-- ASSIGNMENT --
Would you write out every entry exactly, but without the pictures?

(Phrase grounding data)
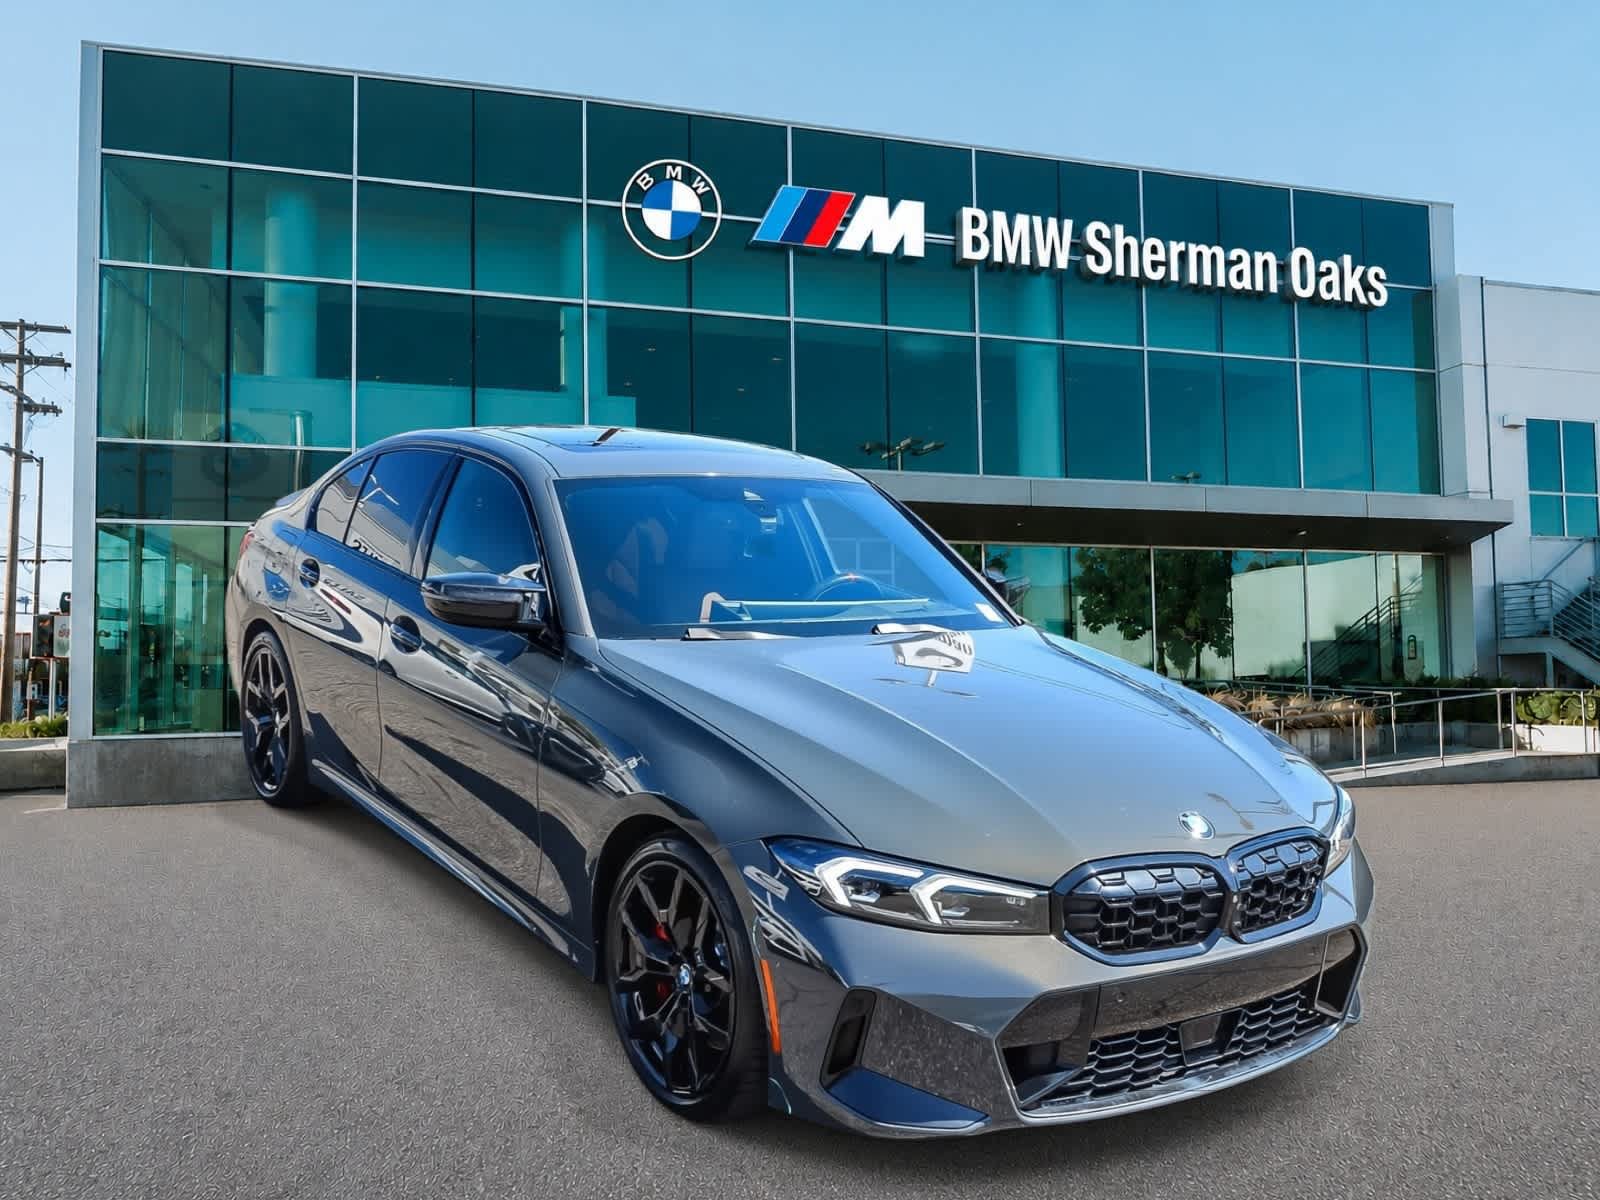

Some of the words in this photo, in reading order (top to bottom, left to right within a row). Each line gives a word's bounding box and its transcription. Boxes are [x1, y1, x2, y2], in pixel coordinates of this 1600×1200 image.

[636, 165, 711, 195] BMW
[835, 194, 925, 258] M
[960, 206, 1073, 270] BMW
[1084, 221, 1279, 293] Sherman
[1290, 247, 1388, 307] Oaks
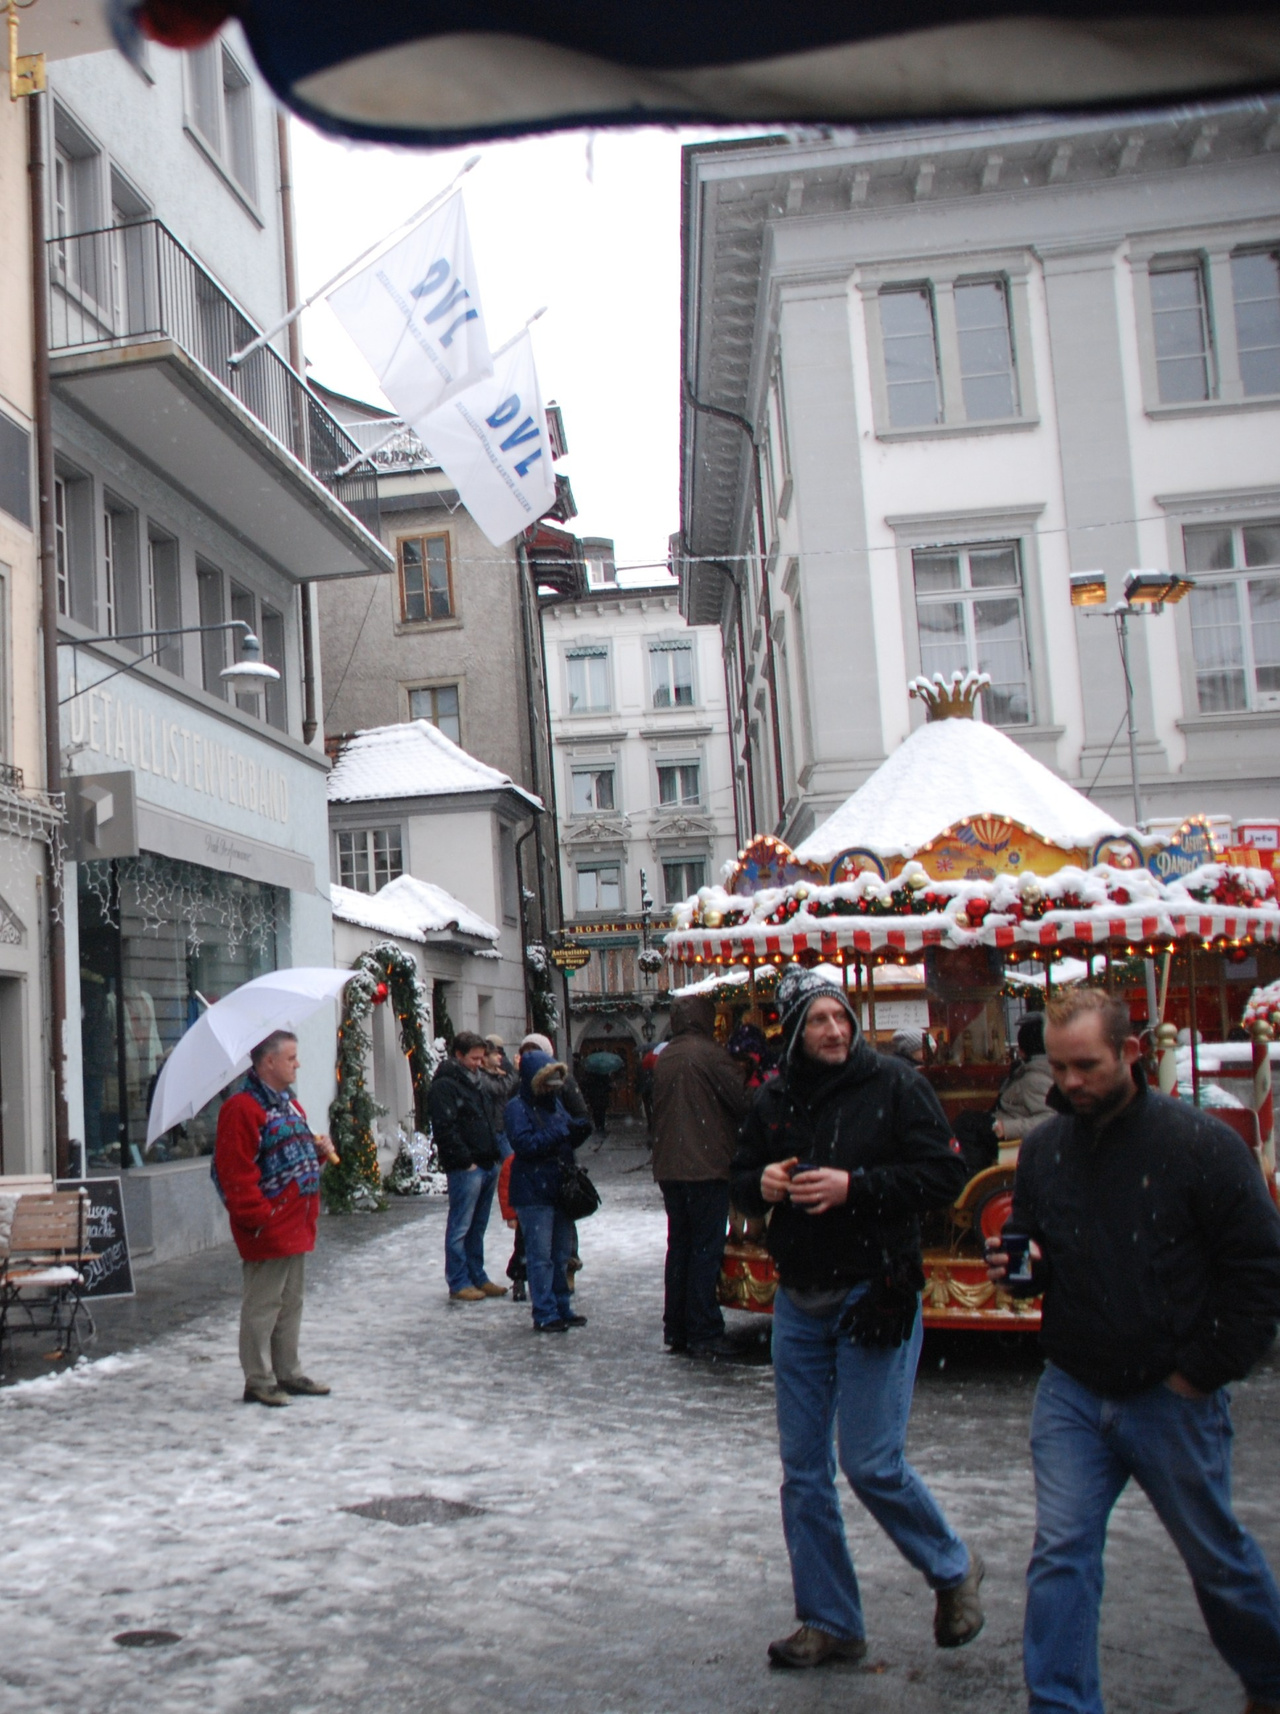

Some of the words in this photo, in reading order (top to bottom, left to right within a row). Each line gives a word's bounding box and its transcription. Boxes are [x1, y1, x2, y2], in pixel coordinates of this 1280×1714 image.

[410, 257, 478, 349] DVL
[485, 393, 542, 478] DVL
[575, 924, 619, 934] HOTEL
[625, 923, 643, 932] DU
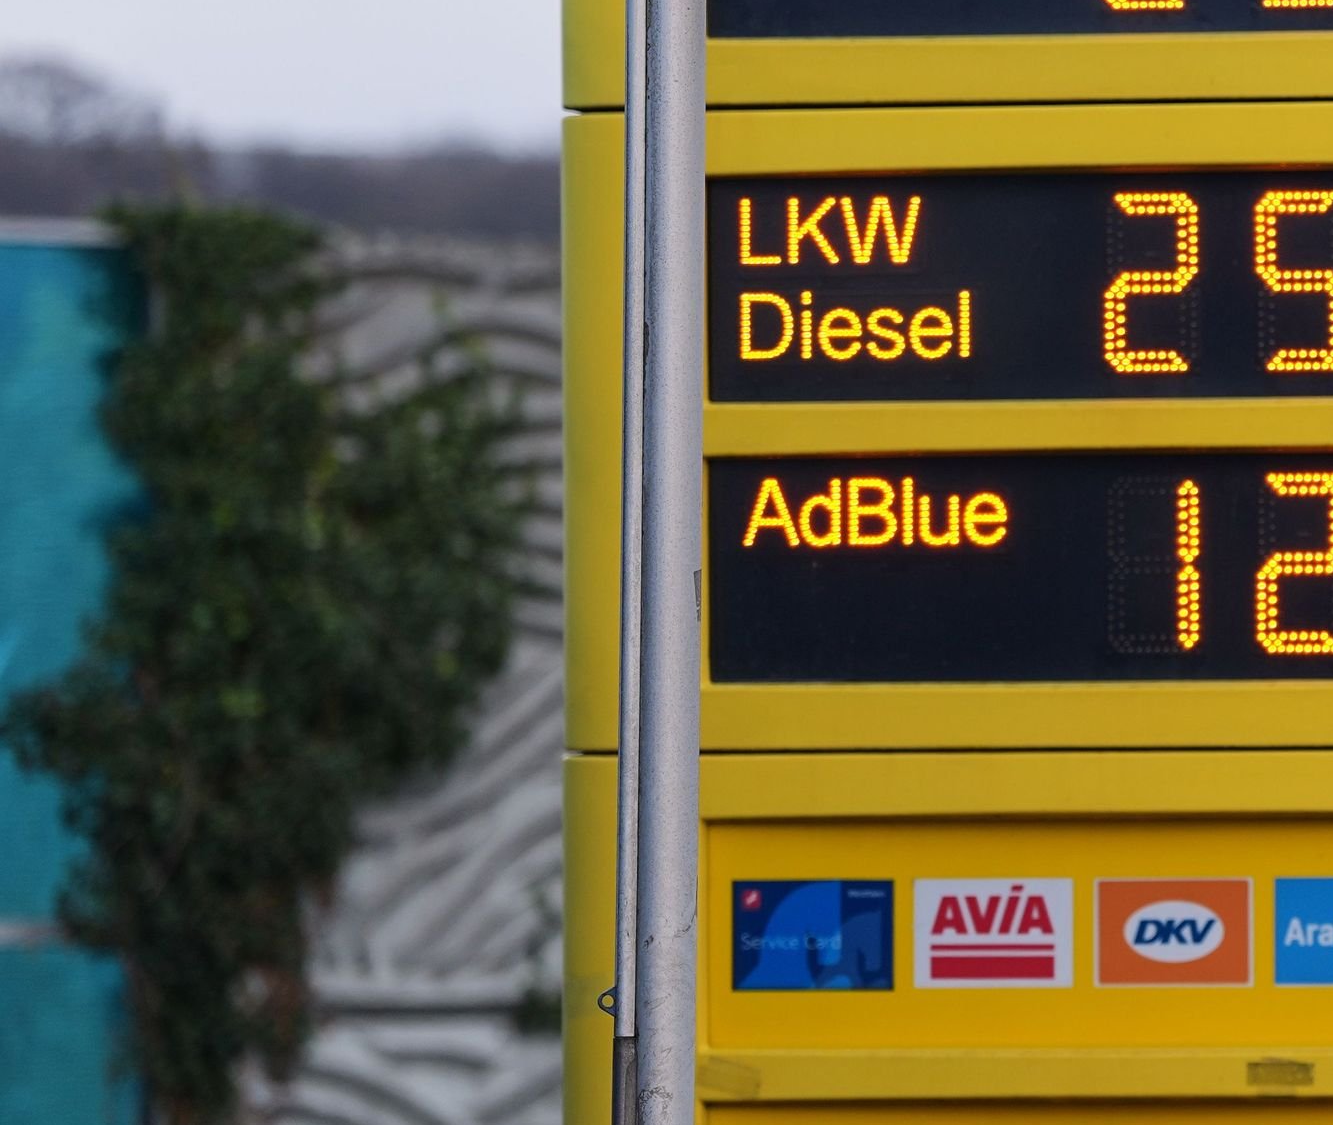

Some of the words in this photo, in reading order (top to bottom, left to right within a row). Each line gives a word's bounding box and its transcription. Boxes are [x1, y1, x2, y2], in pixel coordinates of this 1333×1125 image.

[739, 195, 922, 266] LKW
[739, 289, 971, 361] Diesel
[742, 476, 1009, 548] AdBlue
[931, 884, 1055, 935] AVIA
[1133, 919, 1216, 945] DKV
[741, 932, 799, 951] Service
[805, 930, 842, 951] Card
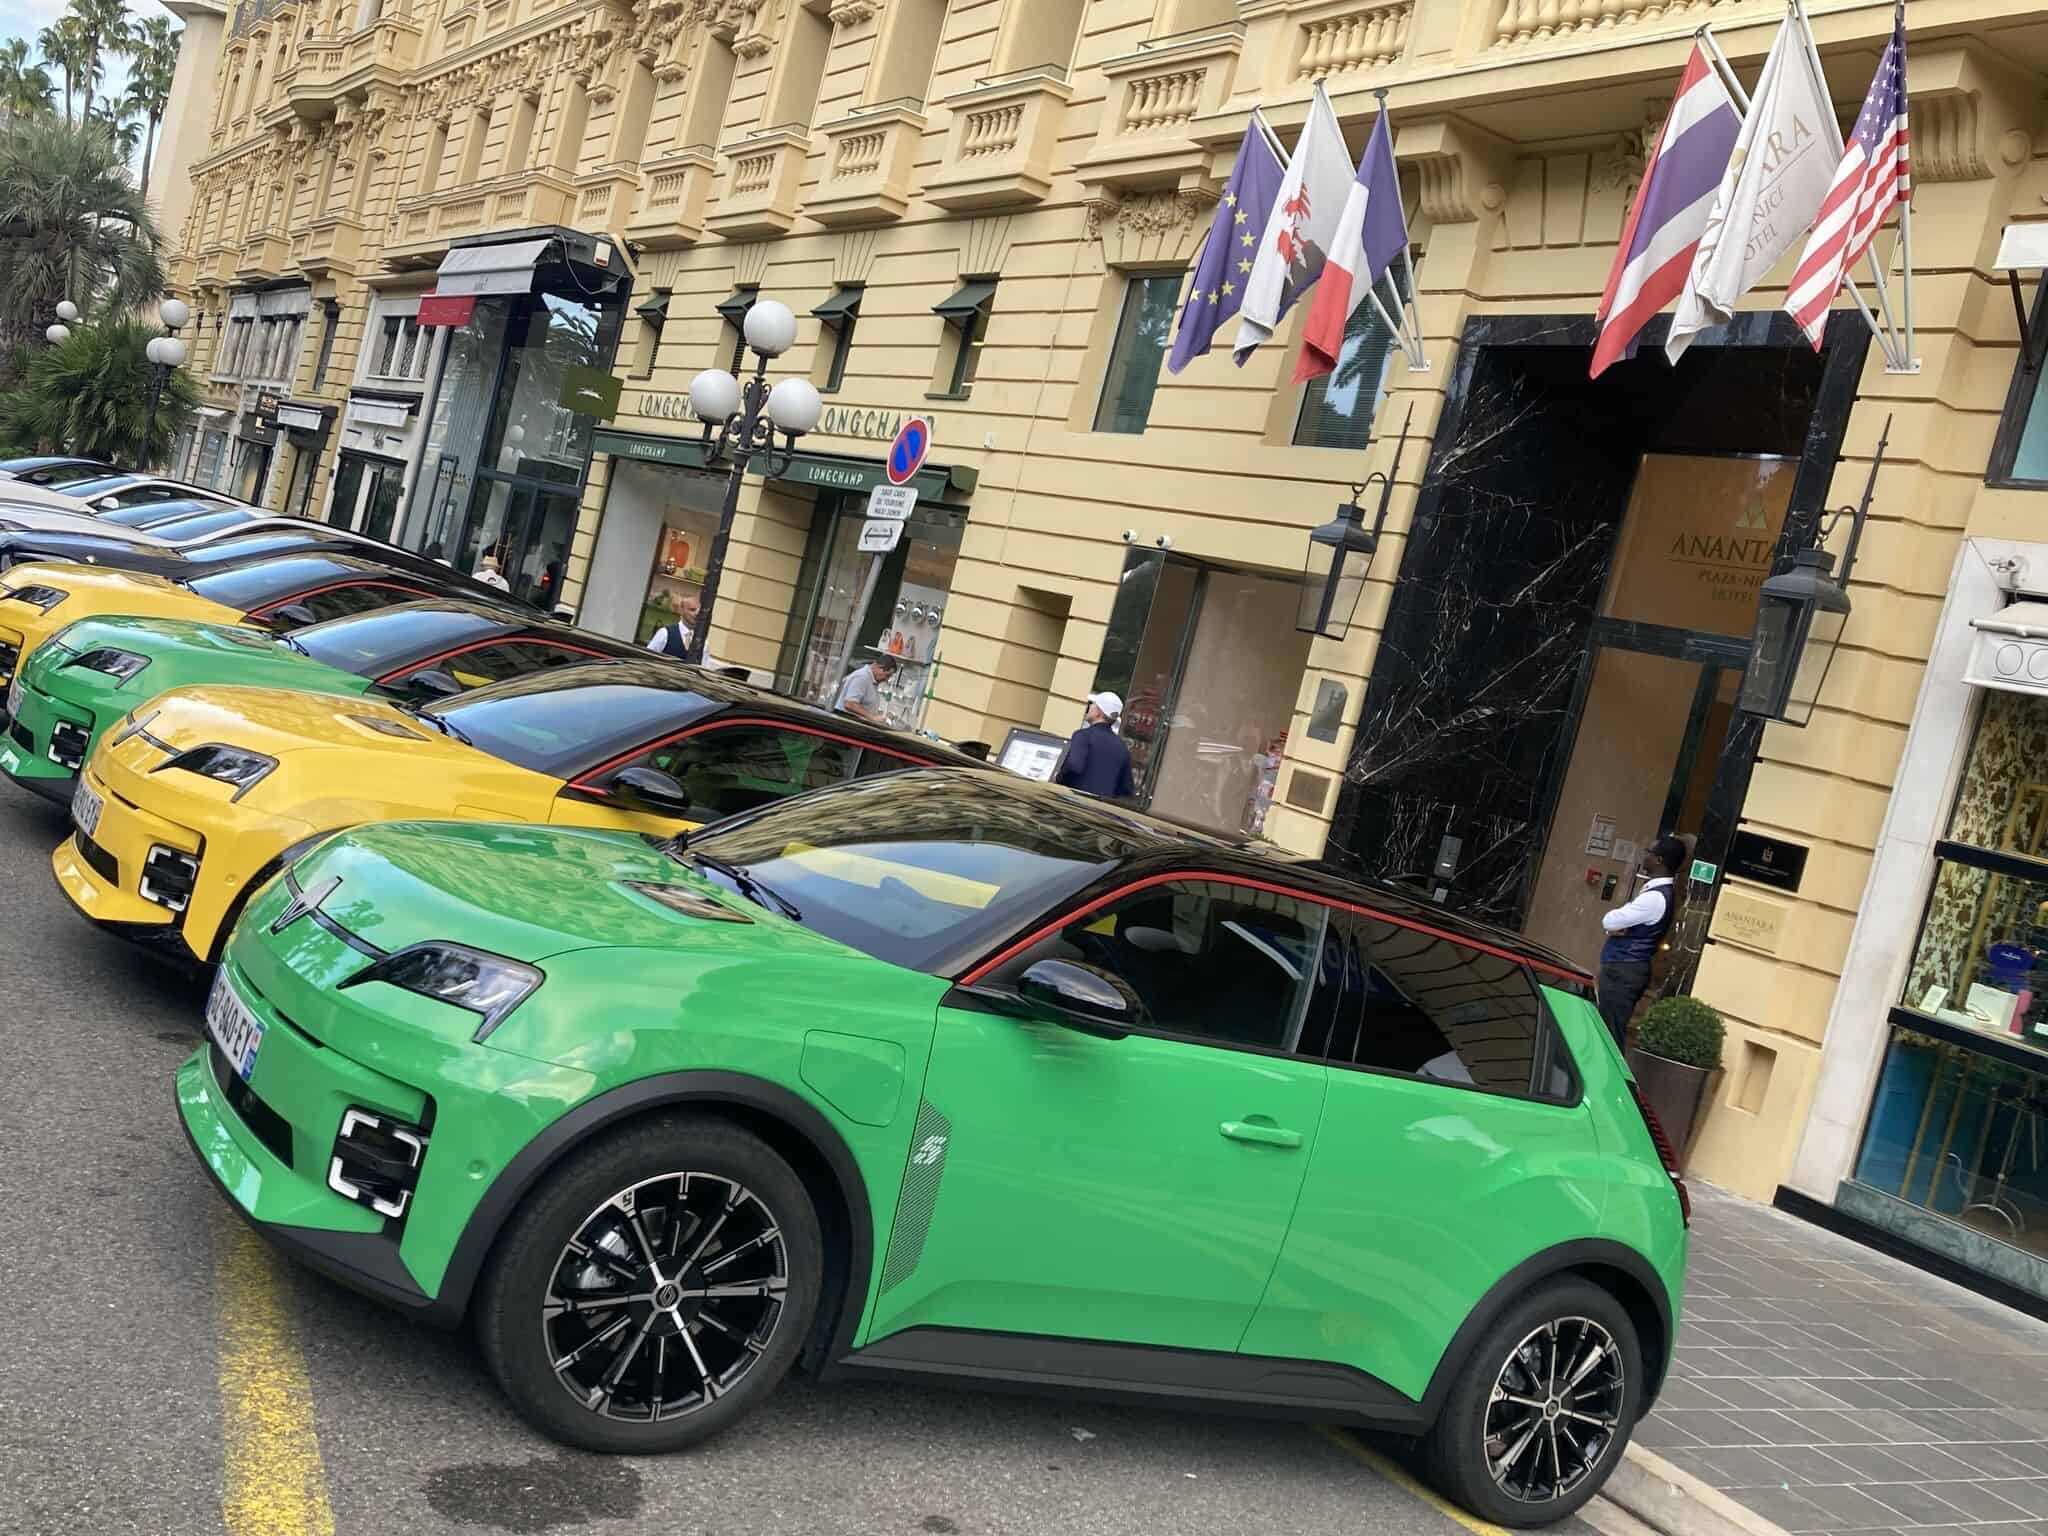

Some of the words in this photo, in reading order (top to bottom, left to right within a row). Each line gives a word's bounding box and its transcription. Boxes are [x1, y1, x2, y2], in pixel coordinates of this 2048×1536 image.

[811, 407, 935, 441] ONGCHA
[628, 443, 667, 458] LONGCHAMP
[808, 466, 864, 485] LONGCHAMP

-- RESULT OF THE TASK --
Some of the words in this photo, in reading order (top to bottom, left to right within a row). Each line gives a word's bounding box and its transcription. Boxes are [x1, y1, x2, y2], in pixel coordinates of this 1600×1200 image.

[636, 165, 711, 195] BMW
[835, 194, 925, 258] M
[960, 206, 1073, 270] BMW
[1084, 221, 1279, 293] Sherman
[1290, 247, 1388, 307] Oaks

Some of the words in this photo, in reading order (top to bottom, left to right within a row). Each line gives a word's bounding box and its transcription. Boxes are [x1, y1, x2, y2], in pixel coordinates of this 1280×1714 image.

[410, 257, 478, 349] DVL
[485, 393, 542, 478] DVL
[575, 924, 619, 934] HOTEL
[625, 923, 643, 932] DU

Some of the words in this photo, in reading order (top to bottom, left to right within a row). Each line gives a word's bounding box and its transcription. Boxes are [x1, y1, x2, y2], in pixel coordinates of this 1333×1125 image.

[739, 195, 922, 266] LKW
[739, 289, 971, 361] Diesel
[742, 476, 1009, 548] AdBlue
[931, 884, 1055, 935] AVIA
[1133, 919, 1216, 945] DKV
[741, 932, 799, 951] Service
[805, 930, 842, 951] Card

Some of the words in this photo, in reading order (top to bottom, left to right within a row). Each line gives a word's bounding box and its transcription. Boxes are [x1, y1, x2, y2], in pixel coordinates of this 2048×1536 image.

[811, 407, 935, 441] ONGCHA
[628, 443, 667, 458] LONGCHAMP
[808, 466, 864, 485] LONGCHAMP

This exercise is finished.